Gates warns Israel against Iran attack

By Paul Richter

Tribune Washington Bureau

April 16, 2009


Amid increasing suggestions that Israel might attack Iran's nuclear facilities, Defense Secretary Robert M. Gates warned this week that such a strike would have dangerous consequences, and he asserted that Tehran's acquisition of a bomb can be prevented only if "Iranians themselves decide it's too costly."

Using his strongest language on the subject to date, Gates told a group of Marine Corps students that while a strike probably would delay Tehran's nuclear program from one to three years, it would unify Iran, "cement their determination to have a nuclear program, and also build into the whole country an undying hatred of whoever hits them."

Israeli officials fear that the Islamic Republic may gain the know-how to build a bomb as early as this year, and several of them have warned that Israel could strike first to eliminate what it considers an existential threat.
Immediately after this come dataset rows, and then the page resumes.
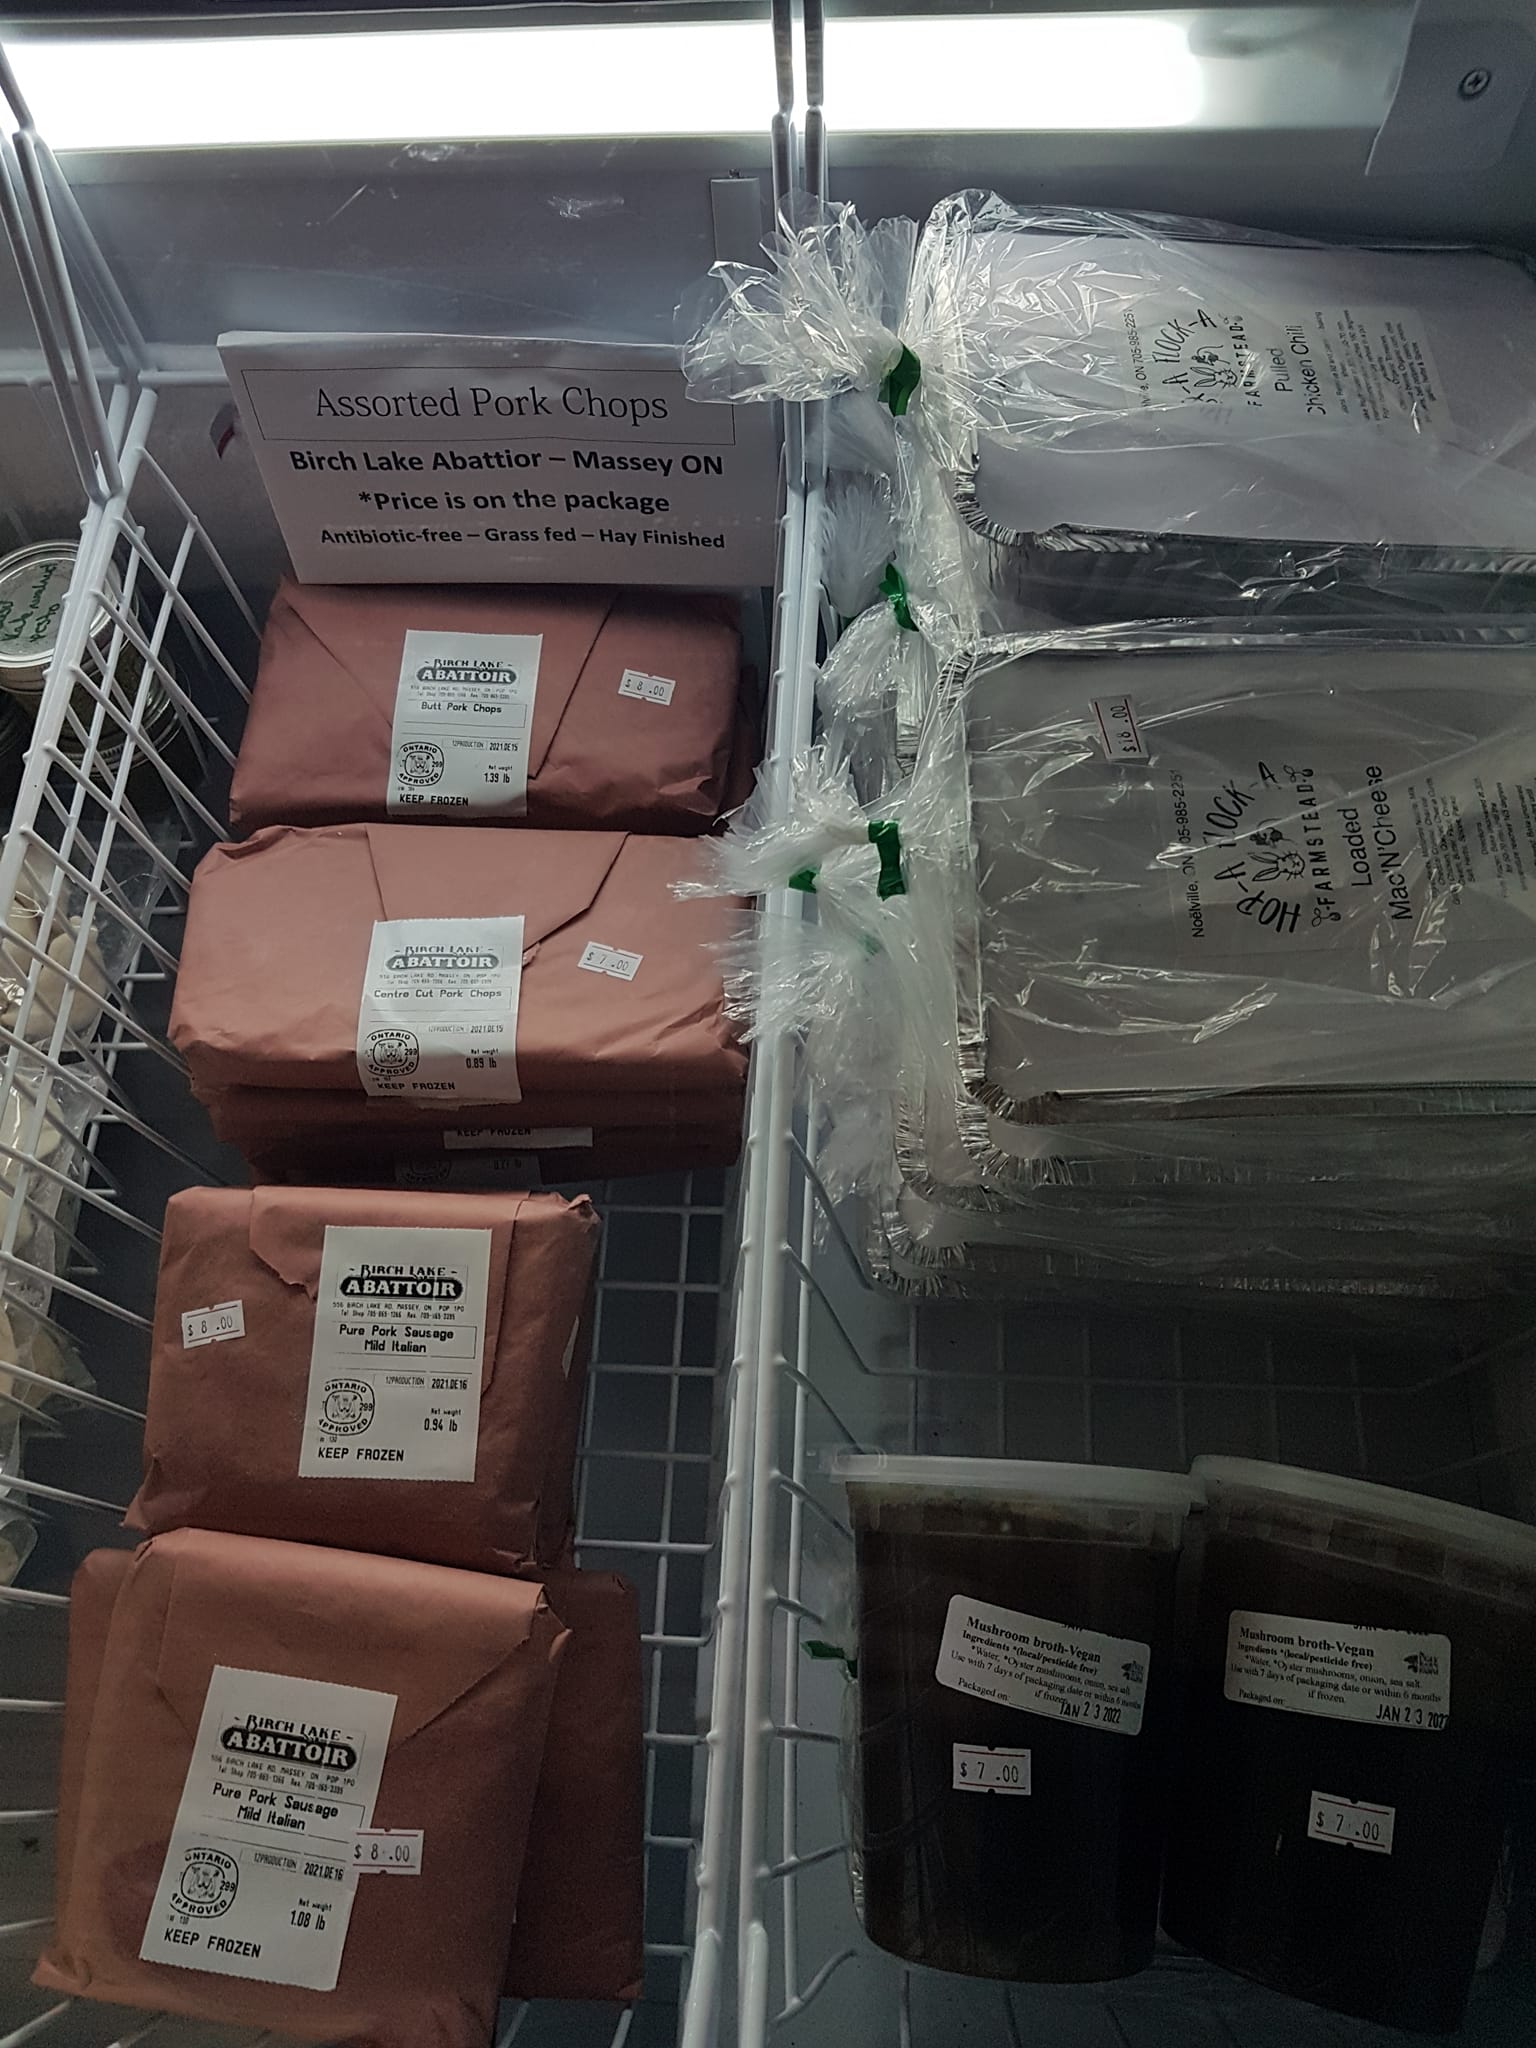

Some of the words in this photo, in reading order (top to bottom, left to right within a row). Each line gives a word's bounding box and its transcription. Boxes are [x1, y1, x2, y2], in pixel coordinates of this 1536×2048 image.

[1286, 325, 1309, 354] Chili
[1136, 366, 1148, 381] ON
[1269, 347, 1293, 392] Pulled
[316, 387, 460, 417] Assorted
[471, 387, 549, 416] Pork
[561, 387, 668, 426] Chops
[290, 451, 356, 471] Birch
[365, 452, 423, 471] Lake
[432, 451, 541, 470] Abattior
[573, 451, 673, 477] Massey
[682, 455, 723, 475] ON
[445, 491, 465, 510] is
[473, 493, 505, 509] on
[513, 490, 556, 508] the
[565, 491, 669, 515] package
[321, 527, 462, 544] Antibiotic-free
[485, 528, 539, 543] Grass
[544, 527, 576, 542] fed
[599, 529, 637, 547] Hay
[643, 532, 725, 548] Finished
[435, 659, 468, 669] BIRCH
[422, 670, 511, 682] ABATTOIR
[421, 702, 441, 710] Butt
[447, 703, 467, 711] Pork
[474, 704, 502, 714] Chops
[403, 745, 437, 753] ONTARIO
[399, 773, 439, 784] APPROVED
[485, 773, 499, 783] 1.39
[503, 773, 510, 783] lb
[400, 794, 424, 803] KEEP
[431, 796, 468, 806] FROZEN
[1173, 770, 1191, 843] 05-985-2251
[1301, 778, 1332, 908] FARMSTEAD
[1338, 808, 1371, 887] Loaded
[1183, 880, 1204, 937] Noëlville,
[405, 946, 444, 956] BIRCH
[392, 957, 493, 968] ABATTOIR
[416, 989, 433, 998] Cut
[471, 990, 501, 999] Chops
[371, 1032, 410, 1041] ONTARIO
[369, 1062, 414, 1074] APPROVED
[489, 1058, 496, 1068] lb
[361, 1265, 403, 1278] BIRCH
[410, 1266, 446, 1277] LAKE
[346, 1280, 456, 1296] ABATTOIR
[340, 1324, 365, 1335] Pure
[372, 1325, 397, 1336] Pork
[405, 1326, 454, 1341] Sausage
[365, 1340, 385, 1351] Mild
[392, 1341, 426, 1352] Italian
[324, 1382, 366, 1394] ONTARIO
[359, 1403, 373, 1411] 299
[319, 1418, 368, 1432] APPROVED
[424, 1418, 443, 1431] 0.94
[449, 1419, 457, 1431] lb
[318, 1447, 349, 1459] KEEP
[357, 1449, 404, 1461] FROZEN
[963, 1630, 1009, 1651] Ingredients
[967, 1616, 1030, 1645] Mushroom
[1033, 1636, 1100, 1662] broth-Vegan
[1240, 1627, 1294, 1645] Mushroom
[1298, 1635, 1374, 1657] broth-Vegan
[951, 1650, 965, 1662] Use
[968, 1658, 985, 1669] with
[994, 1666, 1012, 1677] days
[1237, 1642, 1277, 1655] Ingredients
[1352, 1660, 1372, 1671] free)
[959, 1678, 996, 1696] Packaged
[1261, 1669, 1264, 1677] 7
[1286, 1674, 1295, 1682] of
[1297, 1677, 1339, 1691] packaging
[1341, 1682, 1359, 1692] date
[1362, 1687, 1371, 1695] or
[1375, 1688, 1401, 1698] within
[1240, 1689, 1271, 1703] Packaged
[1308, 1690, 1315, 1698] if
[1317, 1690, 1344, 1703] frozen
[1060, 1703, 1080, 1717] JAN
[1103, 1706, 1121, 1724] 2022
[1376, 1704, 1400, 1722] JAN
[246, 1715, 294, 1732] BIRCH
[300, 1724, 341, 1741] LAKE
[227, 1731, 348, 1766] ABATTOIR
[213, 1782, 241, 1799] Pure
[248, 1789, 276, 1806] Pork
[284, 1796, 338, 1818] Sausage
[237, 1805, 261, 1822] Mild
[267, 1811, 305, 1830] Italian
[184, 1852, 232, 1869] ONTARIO
[220, 1880, 235, 1892] 299
[172, 1893, 227, 1914] APPROVED
[290, 1910, 312, 1928] 1.08
[315, 1914, 325, 1930] lb
[164, 1928, 200, 1945] KEEP
[207, 1936, 262, 1958] FROZEN
But while the Obama administration has not ruled out the use of military force, several officials have indicated strong opposition to using it. Last week, Vice President Joseph R. Biden Jr. said Israel's new conservative prime minister, Benjamin Netanyahu, would be "ill advised" to launch a strike.

Shimon Peres, Israel's president, said in an interview with Israel's Kol Hai radio Sunday that Israel would attack if the Iranian leadership didn't drop its plans for its nuclear program.

Obama administration officials have said they are ready to try to intensify economic and political sanctions on Iran if diplomacy doesn't work.

Gates told students at Marines Corps University in Quantico, Va., that while President Barack Obama "needs the full range of options," in his view "we need to look at every way we can to increase the cost of that program to them, whether it's through economic sanctions or other things."

Iran responded this week to the Israeli declarations, asking the United Nations to intervene to stop the threats.

Israeli officials probably would seek the cooperation and approval of their American allies before carrying out any such strike, experts say.